## EXERCISE REQUIREMENTS
Set down all of the data that follows, keeping every character.
** DATA SUPPLIED follows **
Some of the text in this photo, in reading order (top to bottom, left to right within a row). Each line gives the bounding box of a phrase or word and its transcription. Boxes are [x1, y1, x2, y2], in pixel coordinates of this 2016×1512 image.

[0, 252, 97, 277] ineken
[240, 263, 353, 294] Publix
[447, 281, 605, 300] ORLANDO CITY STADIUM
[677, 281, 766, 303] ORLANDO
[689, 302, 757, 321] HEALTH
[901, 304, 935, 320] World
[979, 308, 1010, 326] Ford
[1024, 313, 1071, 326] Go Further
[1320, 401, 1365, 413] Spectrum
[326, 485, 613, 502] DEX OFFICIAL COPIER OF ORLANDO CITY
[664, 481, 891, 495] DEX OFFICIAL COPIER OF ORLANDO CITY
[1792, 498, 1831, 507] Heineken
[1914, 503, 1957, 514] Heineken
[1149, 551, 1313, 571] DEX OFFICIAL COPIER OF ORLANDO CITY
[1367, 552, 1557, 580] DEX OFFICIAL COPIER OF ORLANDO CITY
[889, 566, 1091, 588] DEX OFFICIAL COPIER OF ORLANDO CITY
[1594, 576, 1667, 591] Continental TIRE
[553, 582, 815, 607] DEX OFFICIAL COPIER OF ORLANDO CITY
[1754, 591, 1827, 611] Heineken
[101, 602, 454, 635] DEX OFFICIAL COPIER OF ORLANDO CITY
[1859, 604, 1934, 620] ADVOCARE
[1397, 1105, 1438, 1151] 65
** End of DATA SUPPLIED **
## FINAL ANSWER
Some of the text in this photo, in reading order (top to bottom, left to right within a row). Each line gives the bounding box of a phrase or word and its transcription. Boxes are [x1, y1, x2, y2], in pixel coordinates of this 2016×1512 image.

[0, 252, 97, 277] ineken
[240, 263, 353, 294] Publix
[447, 281, 605, 300] ORLANDO CITY STADIUM
[677, 281, 766, 303] ORLANDO
[689, 302, 757, 321] HEALTH
[901, 304, 935, 320] World
[979, 308, 1010, 326] Ford
[1024, 313, 1071, 326] Go Further
[1320, 401, 1365, 413] Spectrum
[326, 485, 613, 502] DEX OFFICIAL COPIER OF ORLANDO CITY
[664, 481, 891, 495] DEX OFFICIAL COPIER OF ORLANDO CITY
[1792, 498, 1831, 507] Heineken
[1914, 503, 1957, 514] Heineken
[1149, 551, 1313, 571] DEX OFFICIAL COPIER OF ORLANDO CITY
[1367, 552, 1557, 580] DEX OFFICIAL COPIER OF ORLANDO CITY
[889, 566, 1091, 588] DEX OFFICIAL COPIER OF ORLANDO CITY
[1594, 576, 1667, 591] Continental TIRE
[553, 582, 815, 607] DEX OFFICIAL COPIER OF ORLANDO CITY
[1754, 591, 1827, 611] Heineken
[101, 602, 454, 635] DEX OFFICIAL COPIER OF ORLANDO CITY
[1859, 604, 1934, 620] ADVOCARE
[1397, 1105, 1438, 1151] 65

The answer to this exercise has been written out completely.